Une erreur dans le relevé d’heures peut-elle être pénalement reprochée ?
Réponse courte
Une erreur dans le relevé d’heures peut être pénalement reprochée à l’employeur ou à toute personne physique responsable au sein de l’entreprise si elle résulte d’un acte intentionnel, d’une falsification, d’une omission volontaire ou d’une négligence caractérisée. La responsabilité pénale n’est généralement pas engagée en cas d’erreur matérielle ou administrative non intentionnelle, à condition qu’elle soit corrigée de bonne foi. En cas d’infraction avérée, l’Inspection du travail et des mines (ITM) peut dresser un procès-verbal et transmettre le dossier au Parquet. Les sanctions prévues à l’article L.211-34 du Code du travail incluent des amendes pouvant aller jusqu’à 25 000 euros par salarié concerné, ainsi que des peines d’emprisonnement en cas de récidive ou de fraude.
Définition
Le relevé d’heures est le document ou système permettant de comptabiliser le temps de travail effectif de chaque salarié, conformément à l’article L.211-29 du Code du travail. La tenue d’un relevé d’heures est une obligation légale pour tous les employeurs, sans exception. L’employeur doit garantir l’exactitude des données relatives à la durée du travail, aux heures supplémentaires et aux périodes de repos. Toute inexactitude, qu’elle soit volontaire ou involontaire, peut avoir des conséquences juridiques, notamment en matière de responsabilité pénale.
Conditions d’exercice
La responsabilité pénale de l’employeur ou des personnes physiques responsables au sein de l’entreprise peut être engagée en cas d’erreur dans le relevé d’heures lorsque l’erreur résulte d’un acte intentionnel, d’une falsification, d’une omission volontaire ou d’une négligence caractérisée.
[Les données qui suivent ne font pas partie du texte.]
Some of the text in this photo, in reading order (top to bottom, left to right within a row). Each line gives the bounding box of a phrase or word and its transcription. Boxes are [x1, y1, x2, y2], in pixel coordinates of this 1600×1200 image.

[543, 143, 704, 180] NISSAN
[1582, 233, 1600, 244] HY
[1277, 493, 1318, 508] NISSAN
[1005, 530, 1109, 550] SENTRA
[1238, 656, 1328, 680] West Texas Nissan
Selon l’article L.211-33 du Code du travail, la falsification ou l’omission volontaire de mentions obligatoires dans les relevés d’heures constitue une infraction pénale. Une simple erreur matérielle ou administrative, non intentionnelle et corrigée de bonne foi, n’entraîne pas systématiquement de poursuites pénales.
Modalités pratiques
L’Inspection du travail et des mines (ITM) est compétente pour contrôler la tenue et l’exactitude des relevés d’heures. En cas de constatation d’anomalies, l’ITM peut dresser un procès-verbal et transmettre le dossier au Parquet. Les sanctions pénales prévues à l’article L.211-34 du Code du travail incluent des amendes pouvant aller jusqu’à 25 000 euros par salarié concerné, ainsi que des peines d’emprisonnement en cas de récidive ou de fraude avérée. L’employeur doit conserver les relevés d’heures pendant une durée de 5 ans, conformément à l’article L.211-29, et veiller à leur accessibilité en cas de contrôle.
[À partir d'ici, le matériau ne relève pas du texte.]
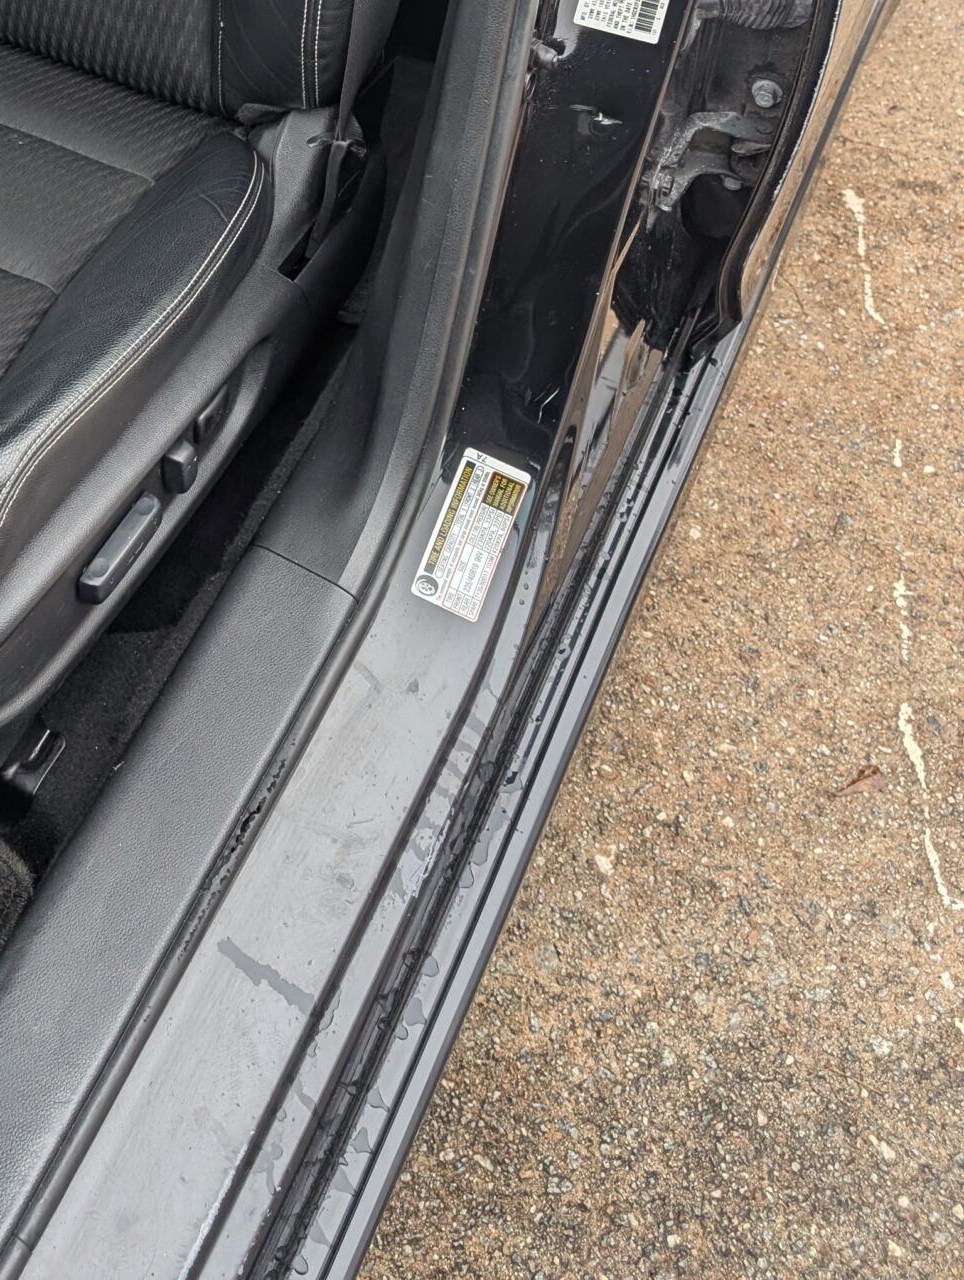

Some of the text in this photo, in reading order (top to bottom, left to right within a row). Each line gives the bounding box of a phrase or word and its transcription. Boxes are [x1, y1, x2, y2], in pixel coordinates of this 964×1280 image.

[616, 5, 624, 19] THEFT
[624, 1, 633, 13] DATE
[606, 8, 616, 28] FEDERAL
[476, 452, 488, 464] 7A
[484, 474, 502, 504] SEE OWNER'S
[491, 477, 508, 507] MANUAL FOR
[498, 480, 515, 511] ADDITIONAL
[505, 483, 522, 514] INFORMATION
[427, 465, 473, 566] TIRE AND LOADING INFORMATION
[437, 553, 449, 573] SEATING
[444, 531, 458, 554] CAPACITY
[463, 491, 473, 505] FRONT
[472, 472, 482, 484] REAR
[468, 504, 488, 544] COLD TIRE PRESSURE
[457, 559, 466, 572] SIZE
[445, 591, 454, 604] TIRE
[451, 592, 463, 610] FRONT
[460, 596, 470, 612] REAR
[467, 600, 478, 617] SPARE
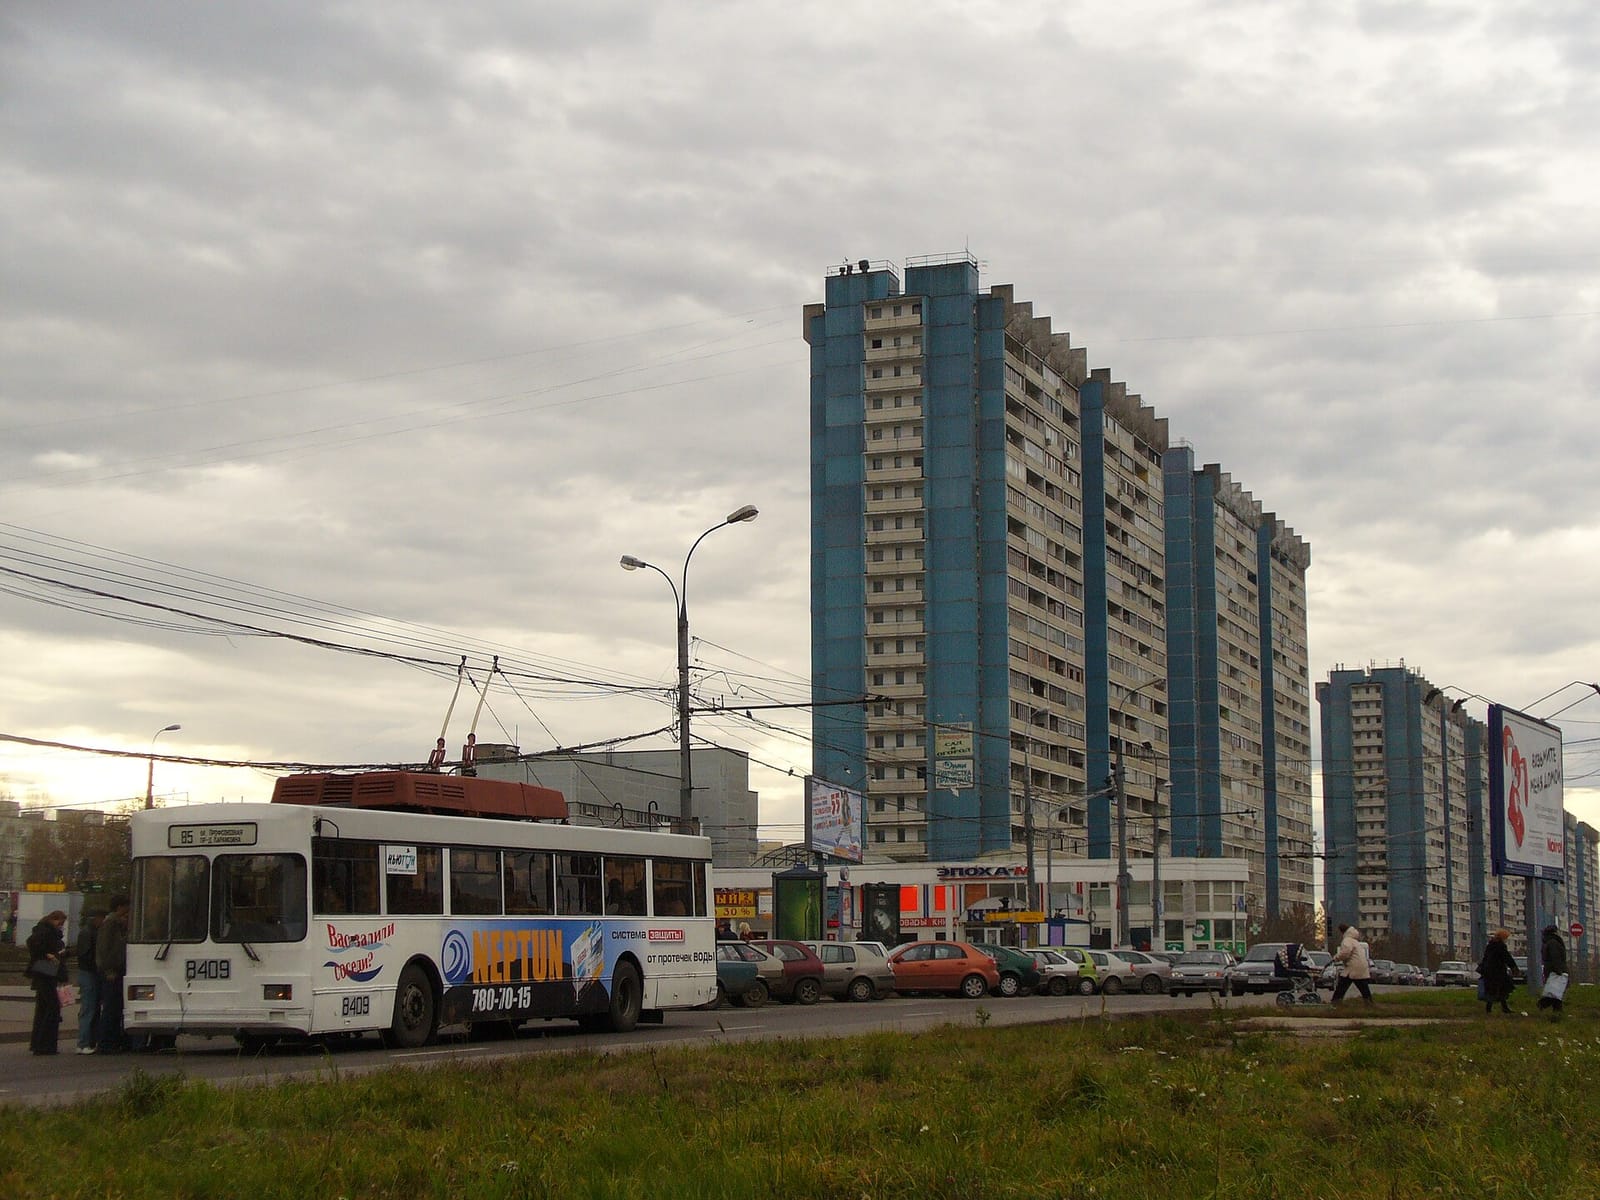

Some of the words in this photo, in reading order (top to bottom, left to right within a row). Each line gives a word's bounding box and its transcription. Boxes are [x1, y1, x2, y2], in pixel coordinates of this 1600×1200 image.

Pratiques et recommandations
La section "Pratiques et recommandations" ne contient pas d’obligations légales impératives. Il est toutefois utile de rappeler que la bonne gestion des relevés d’heures contribue à la conformité de l’entreprise et à la prévention des risques juridiques. L’employeur doit s’assurer que les relevés d’heures sont complets, exacts et conservés pendant la durée légale de 5 ans.
Cadre juridique
Note
Toute manipulation volontaire ou tolérance d’erreurs répétées dans les relevés d’heures expose l’employeur et les personnes physiques responsables au sein de l’entreprise à des poursuites pénales. Il est impératif de traiter toute anomalie avec diligence et transparence, conformément aux obligations du Code du travail luxembourgeois.